= How to complete this task =
In the records that follow, find the line with "this 1500×1125 image."; from there, retype every line exactly through the line with "this 1500×1000 image.", which also belongs to the answer.

= Records to process =
BEGIN

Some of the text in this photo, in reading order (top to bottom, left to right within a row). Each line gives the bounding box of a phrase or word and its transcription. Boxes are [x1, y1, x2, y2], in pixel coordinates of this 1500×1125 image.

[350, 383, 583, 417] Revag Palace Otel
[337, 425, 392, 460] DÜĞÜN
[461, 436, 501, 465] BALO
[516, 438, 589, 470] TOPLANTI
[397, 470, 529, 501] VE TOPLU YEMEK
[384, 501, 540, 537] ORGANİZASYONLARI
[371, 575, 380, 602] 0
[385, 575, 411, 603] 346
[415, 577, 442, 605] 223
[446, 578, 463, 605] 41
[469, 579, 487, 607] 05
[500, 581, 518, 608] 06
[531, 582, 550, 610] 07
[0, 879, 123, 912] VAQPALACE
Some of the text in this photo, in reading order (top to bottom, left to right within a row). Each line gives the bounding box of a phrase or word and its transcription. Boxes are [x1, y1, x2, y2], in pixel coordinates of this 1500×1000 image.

END
BEGIN

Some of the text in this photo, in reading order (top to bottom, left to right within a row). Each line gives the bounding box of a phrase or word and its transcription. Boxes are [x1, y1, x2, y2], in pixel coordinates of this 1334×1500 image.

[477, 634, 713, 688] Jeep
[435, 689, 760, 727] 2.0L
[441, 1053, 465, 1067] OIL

END

= Result below =
Some of the text in this photo, in reading order (top to bottom, left to right within a row). Each line gives the bounding box of a phrase or word and its transcription. Boxes are [x1, y1, x2, y2], in pixel coordinates of this 1500×1125 image.

[350, 383, 583, 417] Revag Palace Otel
[337, 425, 392, 460] DÜĞÜN
[461, 436, 501, 465] BALO
[516, 438, 589, 470] TOPLANTI
[397, 470, 529, 501] VE TOPLU YEMEK
[384, 501, 540, 537] ORGANİZASYONLARI
[371, 575, 380, 602] 0
[385, 575, 411, 603] 346
[415, 577, 442, 605] 223
[446, 578, 463, 605] 41
[469, 579, 487, 607] 05
[500, 581, 518, 608] 06
[531, 582, 550, 610] 07
[0, 879, 123, 912] VAQPALACE
Some of the text in this photo, in reading order (top to bottom, left to right within a row). Each line gives the bounding box of a phrase or word and its transcription. Boxes are [x1, y1, x2, y2], in pixel coordinates of this 1500×1000 image.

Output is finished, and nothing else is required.